→ **Directions**:
An exact reproduction of the listing, minus the pictures, is the required output.

→ **Available data**:
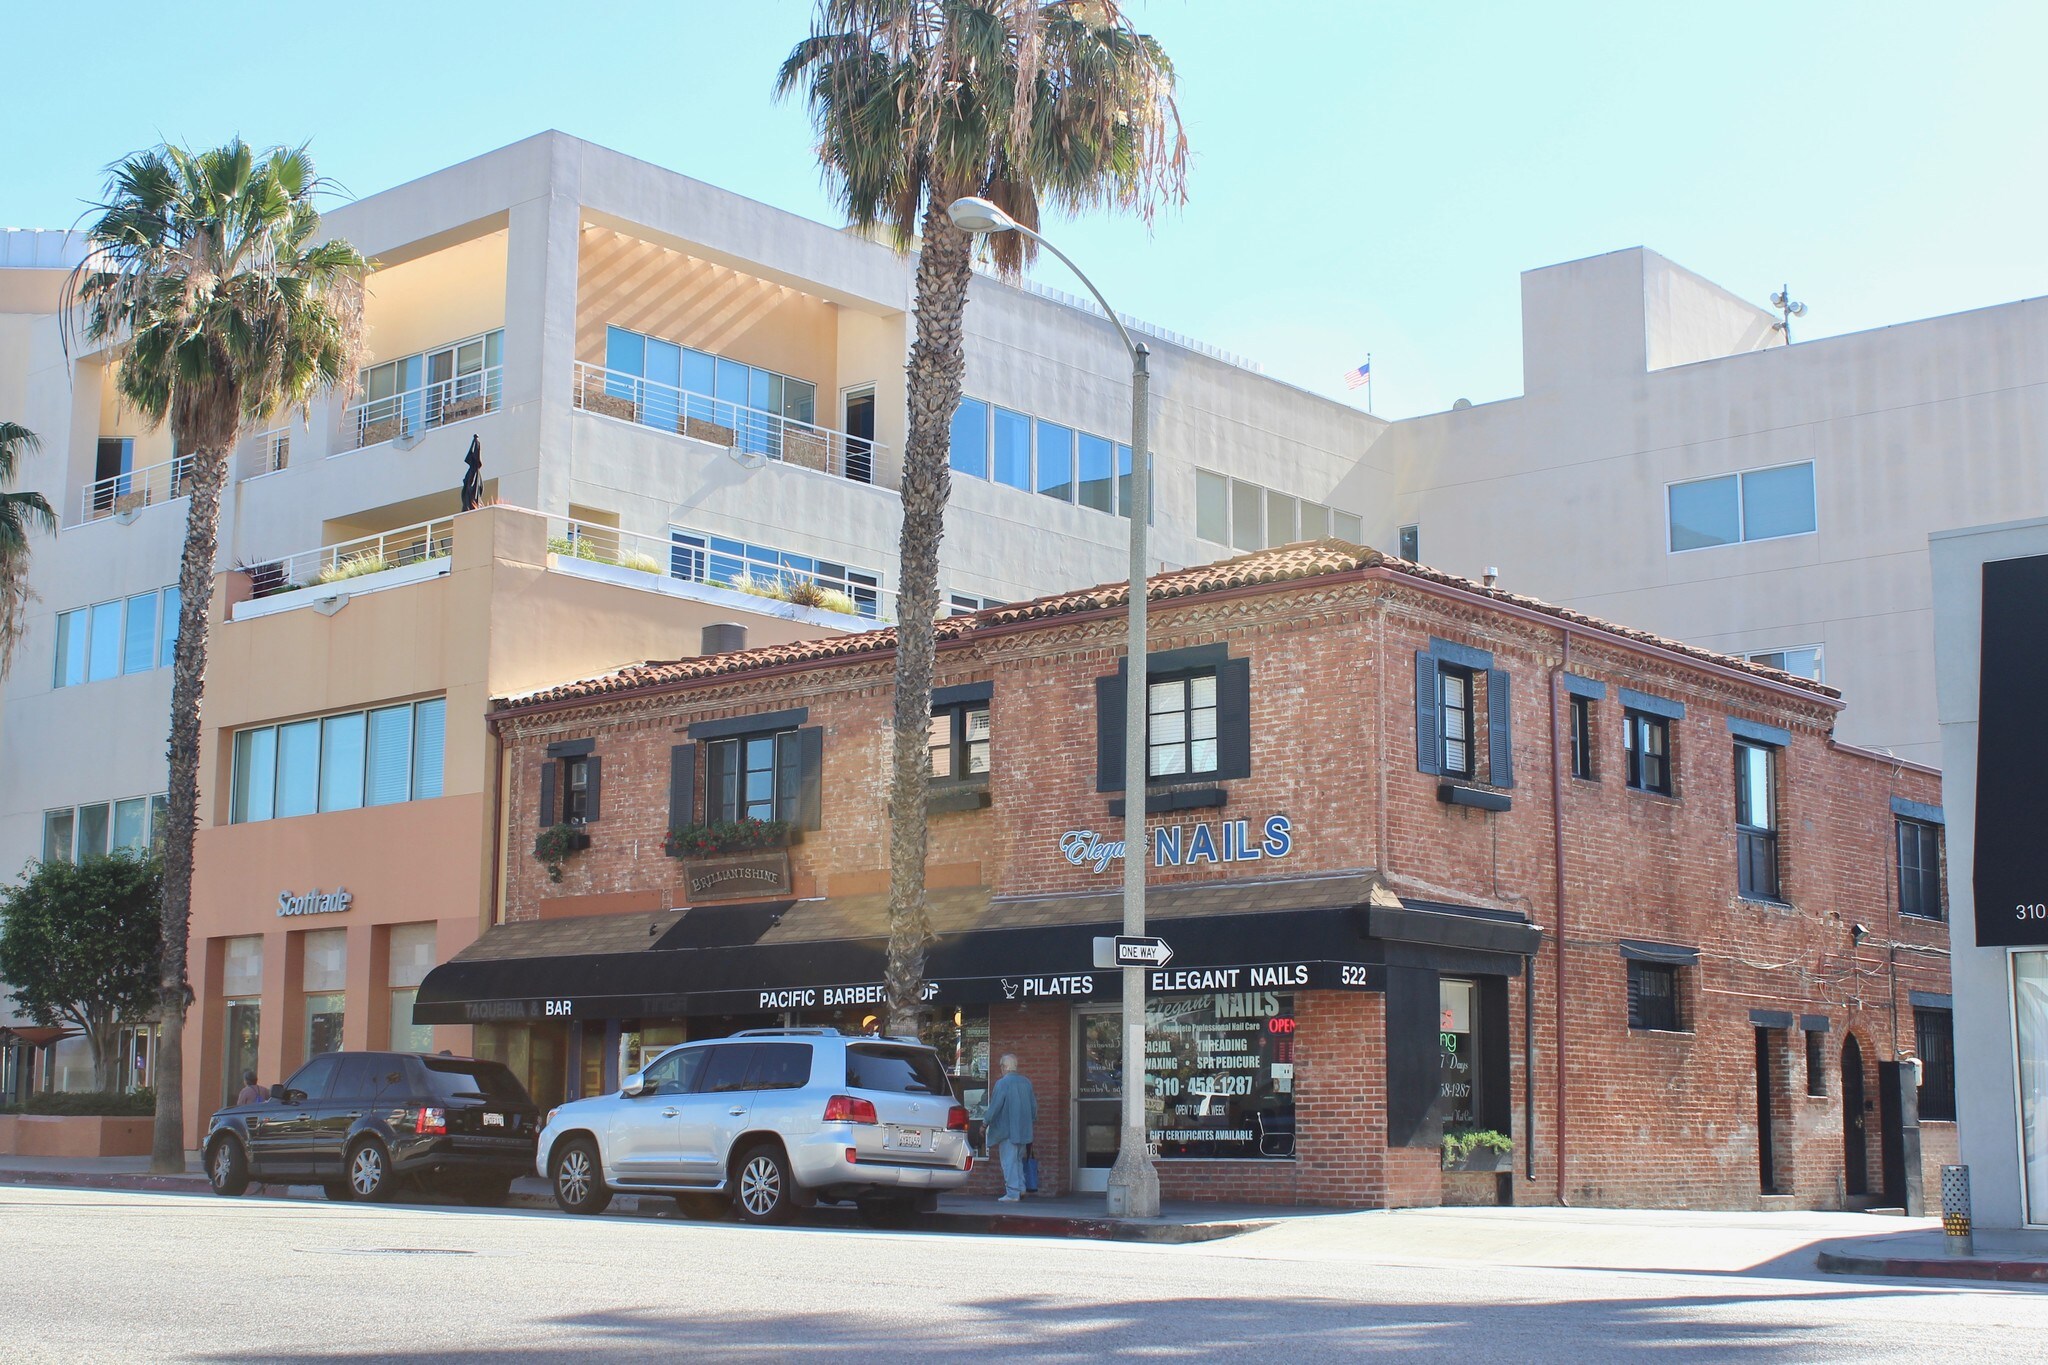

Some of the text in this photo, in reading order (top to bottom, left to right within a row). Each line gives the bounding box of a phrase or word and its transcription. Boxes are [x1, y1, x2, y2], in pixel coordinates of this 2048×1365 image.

[1059, 815, 1292, 874] Elega NAILS
[276, 886, 353, 917] Scottrade
[1121, 946, 1157, 959] ONE WAY
[1023, 975, 1094, 996] PILATES
[1152, 965, 1308, 991] ELEGANT NAILS
[1341, 966, 1367, 986] 522
[759, 989, 816, 1009] PACIFIC
[1215, 992, 1280, 1018] NAILS
[464, 1000, 526, 1018] TAQUERIA
[545, 1000, 572, 1016] BAR
[1192, 1023, 1231, 1032] Professional
[1231, 1022, 1244, 1031] Nail
[1245, 1022, 1260, 1031] Care
[1268, 1018, 1296, 1034] OPEN
[1197, 1038, 1248, 1052] THREADING
[1197, 1056, 1215, 1069] SPA
[1216, 1056, 1260, 1069] PEDICURE
[1449, 1053, 1469, 1073] Days
[1175, 1104, 1189, 1116] OPEN
[1211, 1104, 1225, 1116] WEEK
[1149, 1130, 1253, 1141] GIFT CERTIFICATES AVAILABLE
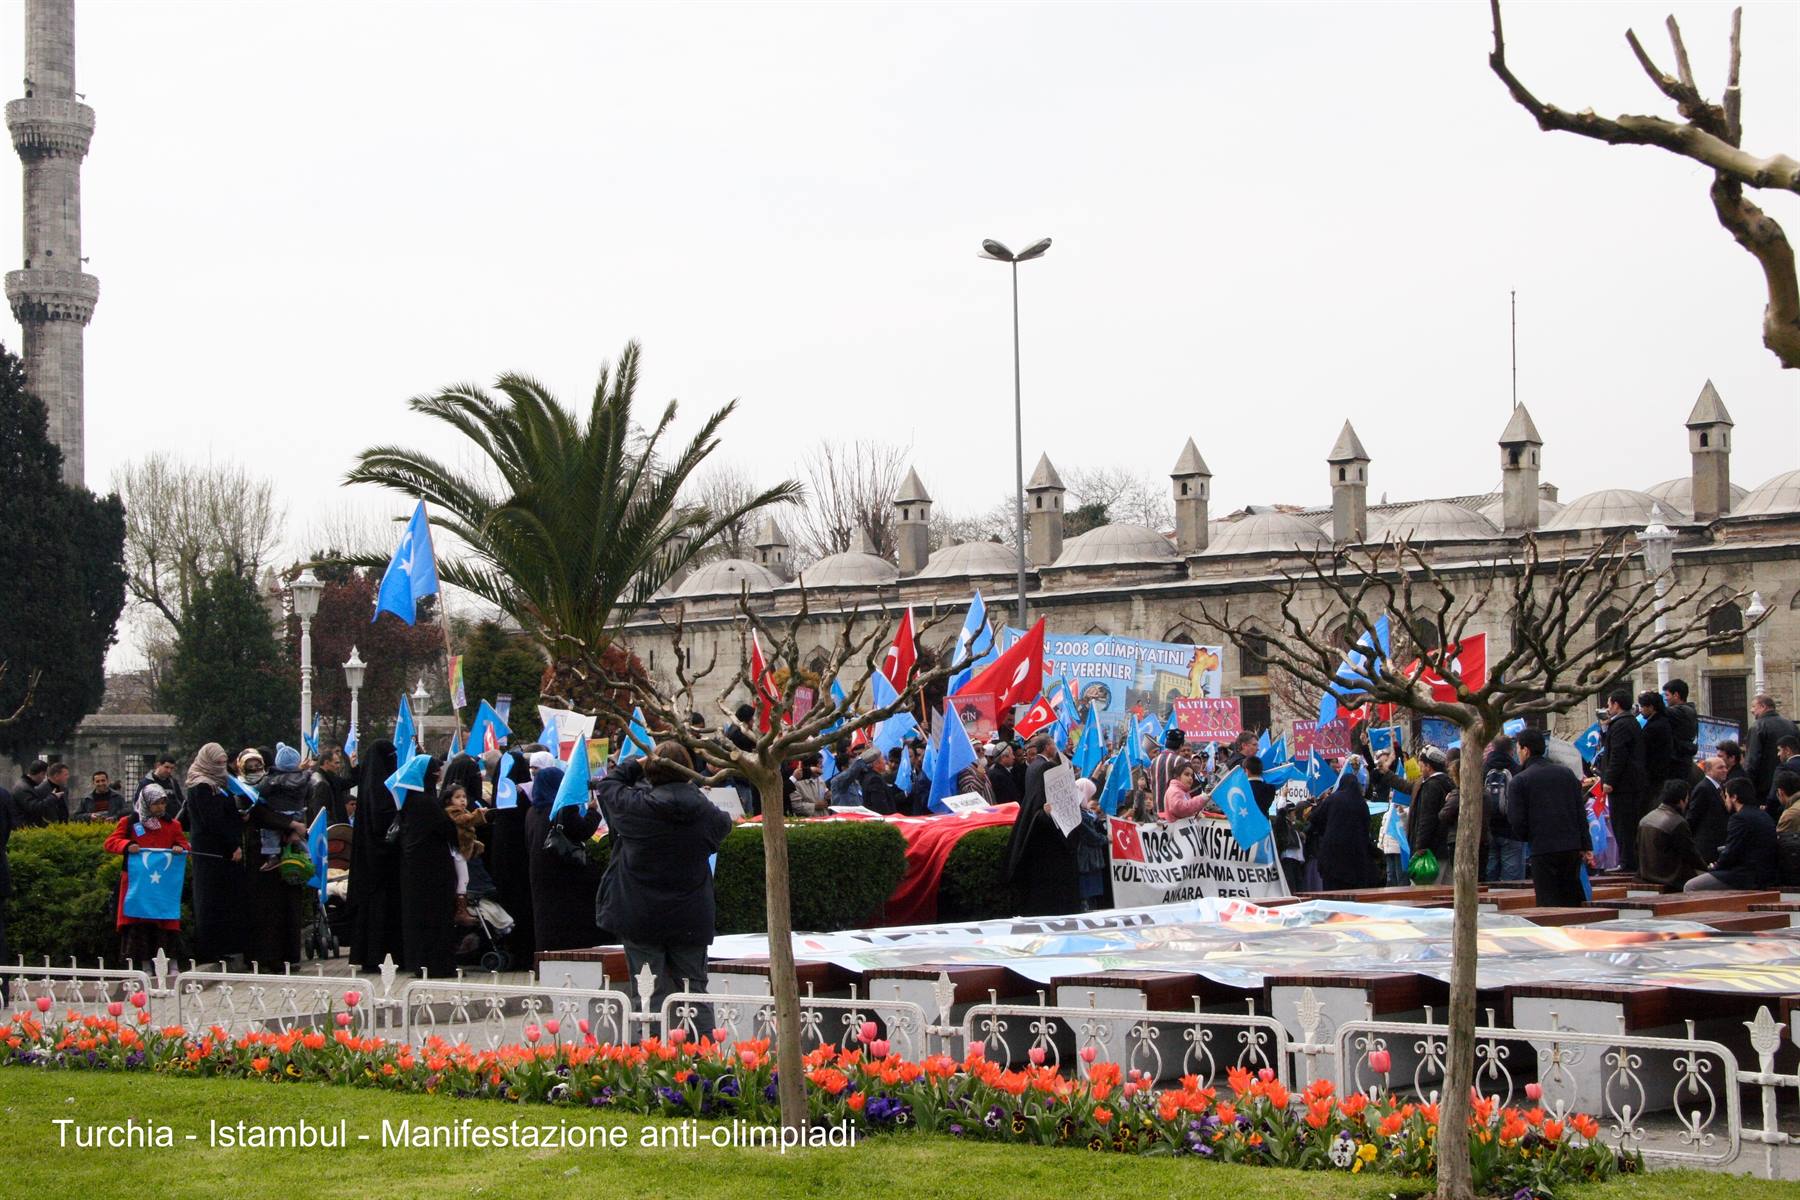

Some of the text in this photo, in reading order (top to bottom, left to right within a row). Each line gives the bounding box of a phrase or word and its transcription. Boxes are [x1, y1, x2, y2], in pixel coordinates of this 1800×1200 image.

[1055, 641, 1089, 656] 2008
[1093, 638, 1184, 665] OLİMPİYATINI
[1071, 662, 1132, 680] VERENLER
[1184, 729, 1212, 737] İLLER
[1142, 824, 1184, 864] DOĞU
[1113, 861, 1163, 884] KÜLTÜR
[1161, 866, 1182, 884] VE
[1162, 885, 1204, 904] ANKARA

→ **Result for this task**:
Some of the text in this photo, in reading order (top to bottom, left to right within a row). Each line gives the bounding box of a phrase or word and its transcription. Boxes are [x1, y1, x2, y2], in pixel coordinates of this 2048×1365 image.

[1059, 815, 1292, 874] Elega NAILS
[276, 886, 353, 917] Scottrade
[1121, 946, 1157, 959] ONE WAY
[1023, 975, 1094, 996] PILATES
[1152, 965, 1308, 991] ELEGANT NAILS
[1341, 966, 1367, 986] 522
[759, 989, 816, 1009] PACIFIC
[1215, 992, 1280, 1018] NAILS
[464, 1000, 526, 1018] TAQUERIA
[545, 1000, 572, 1016] BAR
[1192, 1023, 1231, 1032] Professional
[1231, 1022, 1244, 1031] Nail
[1245, 1022, 1260, 1031] Care
[1268, 1018, 1296, 1034] OPEN
[1197, 1038, 1248, 1052] THREADING
[1197, 1056, 1215, 1069] SPA
[1216, 1056, 1260, 1069] PEDICURE
[1449, 1053, 1469, 1073] Days
[1175, 1104, 1189, 1116] OPEN
[1211, 1104, 1225, 1116] WEEK
[1149, 1130, 1253, 1141] GIFT CERTIFICATES AVAILABLE

Some of the text in this photo, in reading order (top to bottom, left to right within a row). Each line gives the bounding box of a phrase or word and its transcription. Boxes are [x1, y1, x2, y2], in pixel coordinates of this 1800×1200 image.

[1055, 641, 1089, 656] 2008
[1093, 638, 1184, 665] OLİMPİYATINI
[1071, 662, 1132, 680] VERENLER
[1184, 729, 1212, 737] İLLER
[1142, 824, 1184, 864] DOĞU
[1113, 861, 1163, 884] KÜLTÜR
[1161, 866, 1182, 884] VE
[1162, 885, 1204, 904] ANKARA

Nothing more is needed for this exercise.